In this episode of Grounded Hope, we'll learn that seeds have stories, and they have memories. We'll learn about the history of seed legislation in the U.S., and how those laws restrict the ways many farmers can use their seeds. We'll meet a farmer who, on his family land, plants seeds that aren't governed by those laws. And we'll hear stories of seeds that have been saved — not only for planting next season, but for generations of farmers and gardeners to come. 

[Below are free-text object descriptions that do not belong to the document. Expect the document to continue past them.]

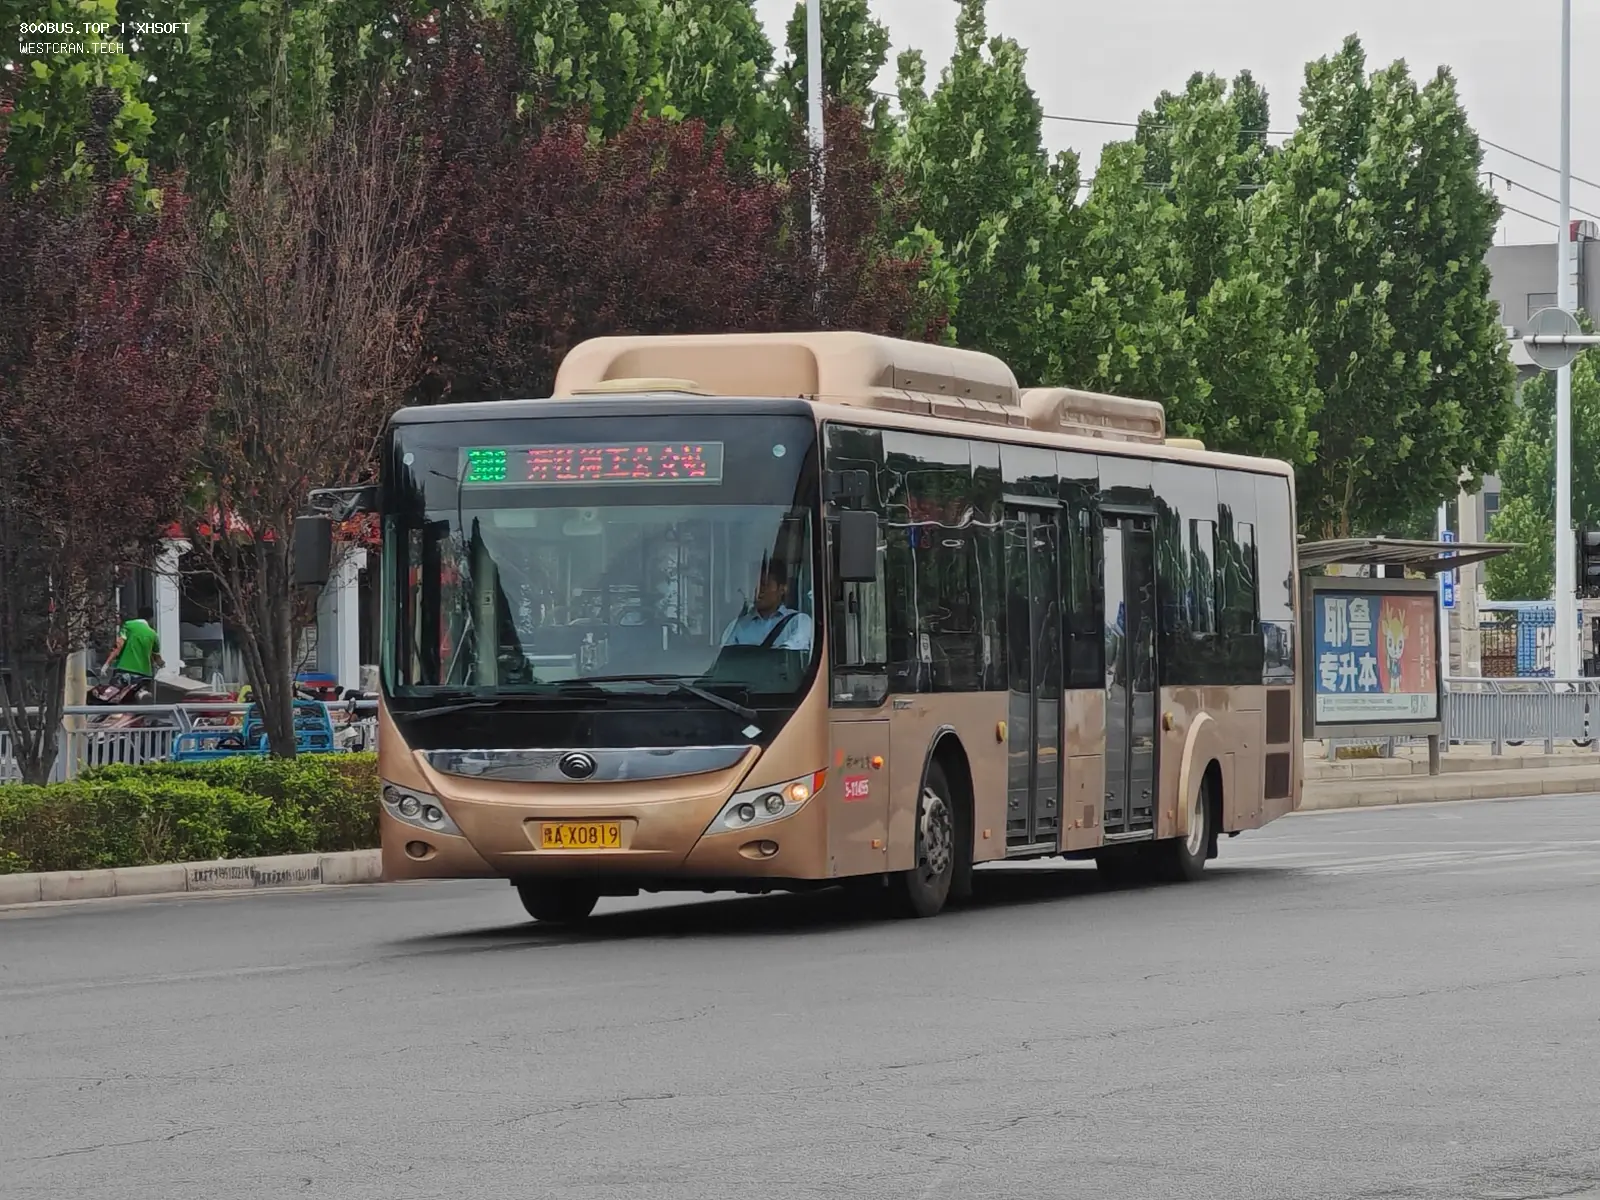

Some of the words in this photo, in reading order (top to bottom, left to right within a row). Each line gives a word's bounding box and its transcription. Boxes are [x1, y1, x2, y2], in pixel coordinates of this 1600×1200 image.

[1323, 597, 1372, 648] 耶鲁
[1319, 651, 1378, 692] 专升本
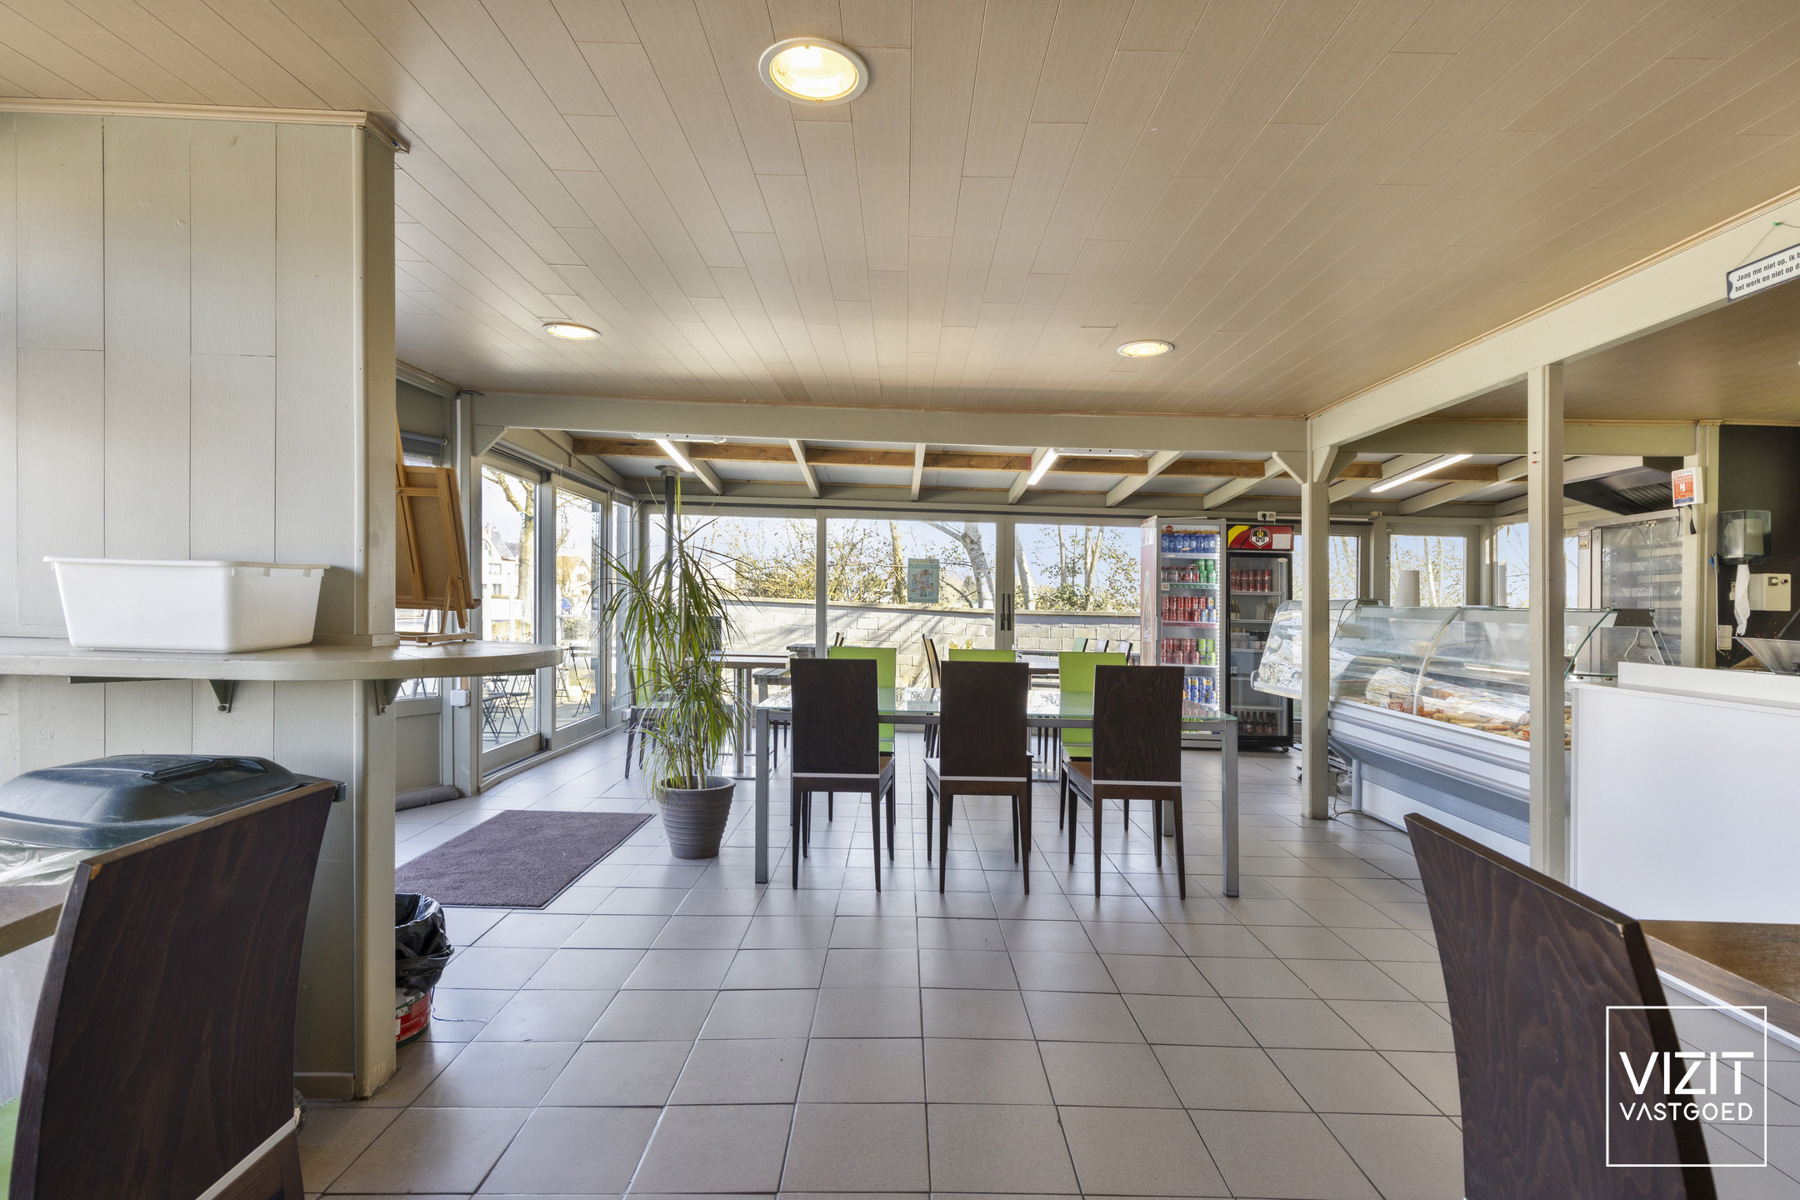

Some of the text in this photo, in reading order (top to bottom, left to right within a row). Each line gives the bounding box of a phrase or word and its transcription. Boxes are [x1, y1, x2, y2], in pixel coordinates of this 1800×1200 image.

[1735, 284, 1744, 292] het
[1746, 278, 1761, 288] werk
[1772, 269, 1783, 278] niet
[1737, 272, 1751, 282] Jaag
[1764, 262, 1775, 271] niet
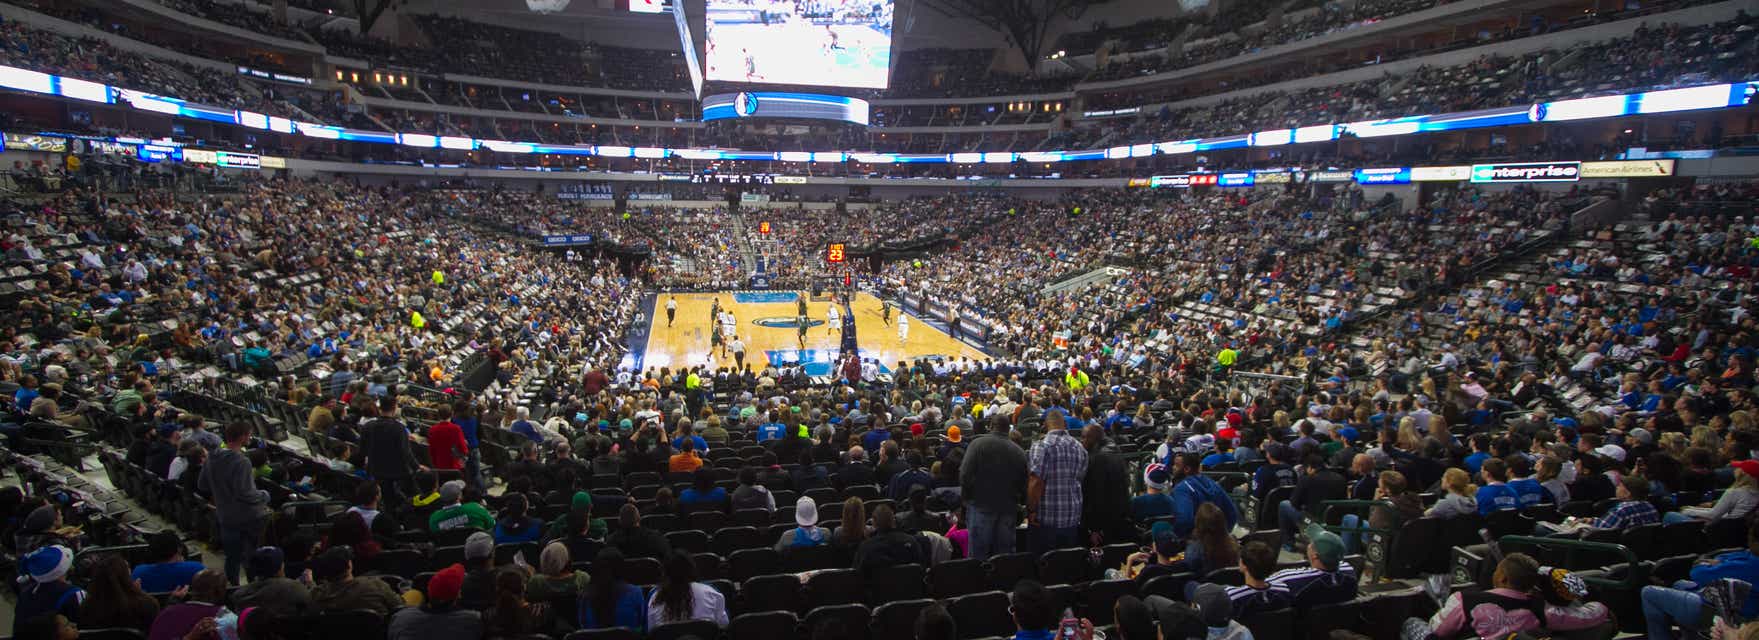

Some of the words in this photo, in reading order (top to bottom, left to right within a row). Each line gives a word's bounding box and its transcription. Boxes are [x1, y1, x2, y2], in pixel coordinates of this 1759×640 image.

[220, 155, 258, 166] enterprise
[1474, 165, 1577, 179] enterprise
[1622, 165, 1653, 173] Airlines
[829, 249, 843, 260] 23
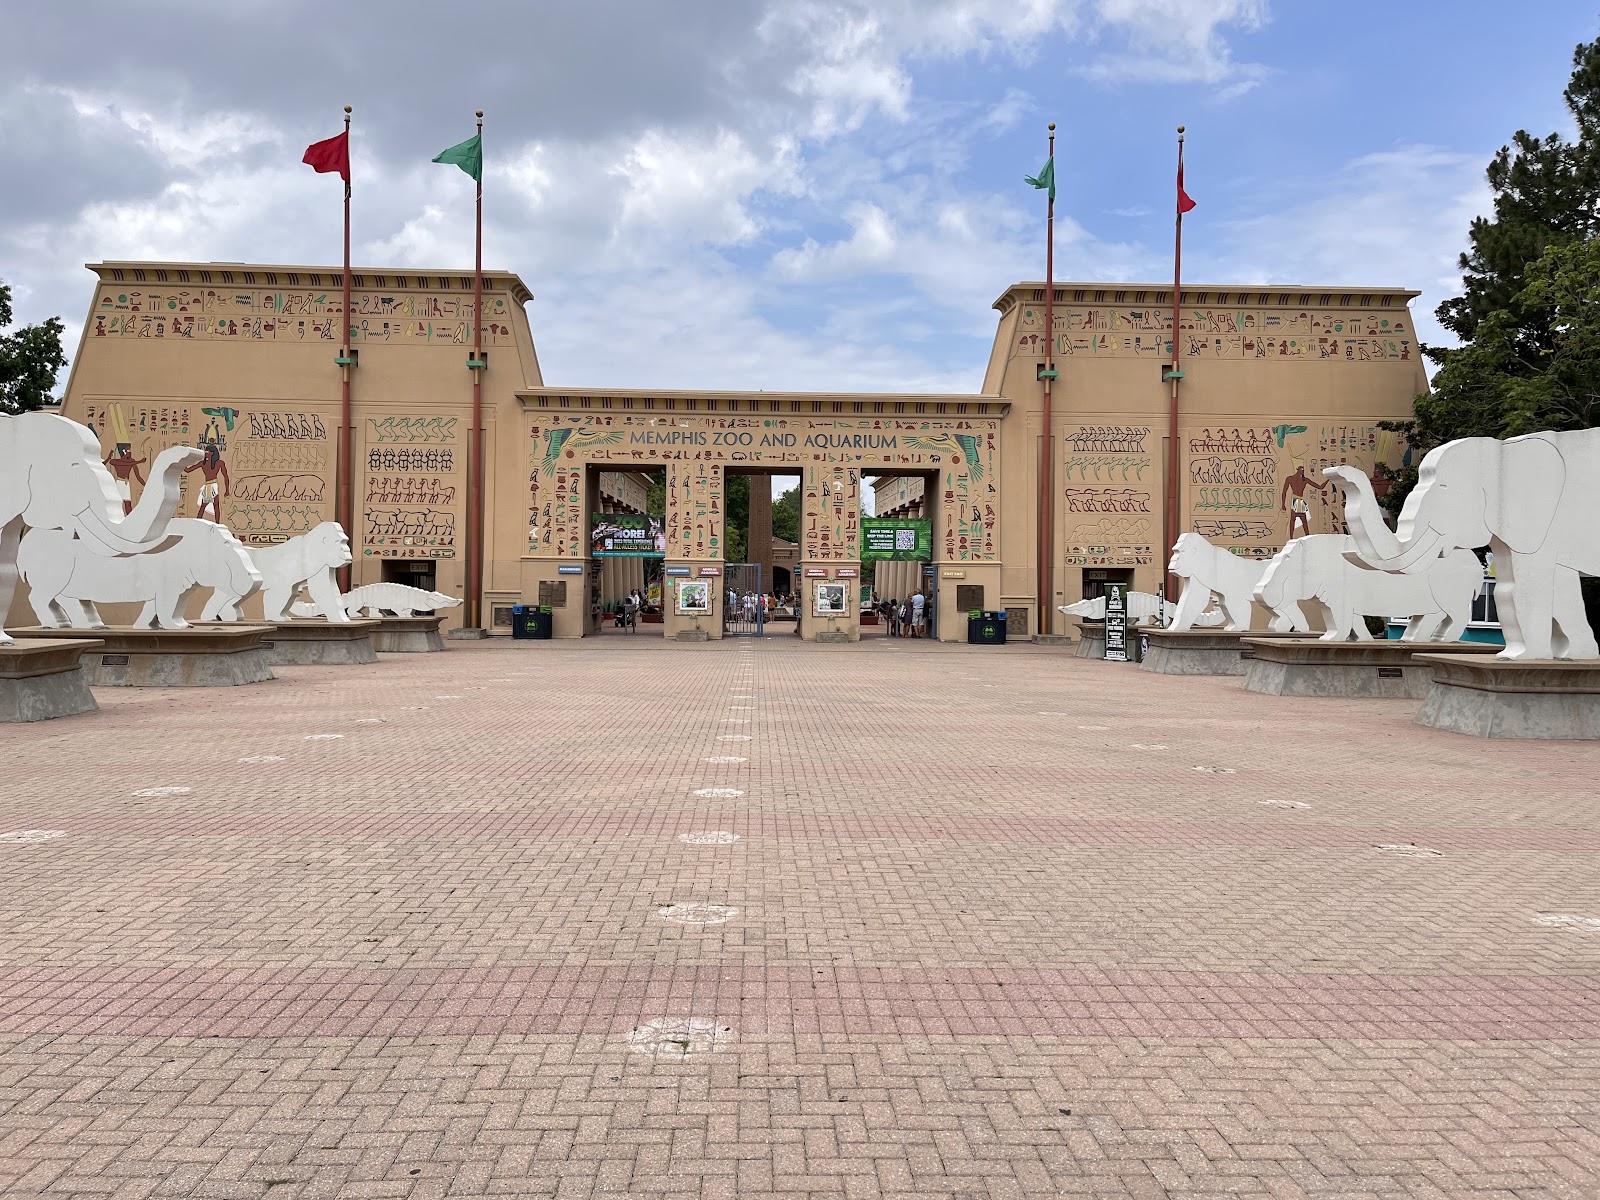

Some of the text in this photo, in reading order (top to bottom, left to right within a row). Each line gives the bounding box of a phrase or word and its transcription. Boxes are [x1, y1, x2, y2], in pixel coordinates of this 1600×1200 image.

[630, 431, 898, 450] MEMPHIS ZOO AND AQUARIUM
[615, 516, 645, 529] ZOO

Seeds from a Mexican sunflower plant held by seed saver and educator Beth Bridgeman, who grows the plants on her rural property in Greene County, Ohio.
Photo Credit: Lauren Shows

Podcast Script:

HOST INTRO:

Lauren Shows

When we think about a seed, what do we imagine? A possibility, maybe — a discovery. Waiting beneath the soil to unfold into something new, our seeds are the hope for our future — but they're also buried deep in our past.

In this episode of Grounded Hope, we'll learn that seeds have stories, and they have memories. We'll learn about the history of seed legislation in the U.S., and how those laws restrict the ways many farmers can use their seeds. We'll meet a farmer who, on his family land, plants seeds that aren't governed by those laws. And we'll hear stories of seeds that have been saved — not only for planting next season, but for generations of farmers and gardeners to come. 

I'm Lauren Shows. From the highways to the hedgerows, we bring you Grounded Hope.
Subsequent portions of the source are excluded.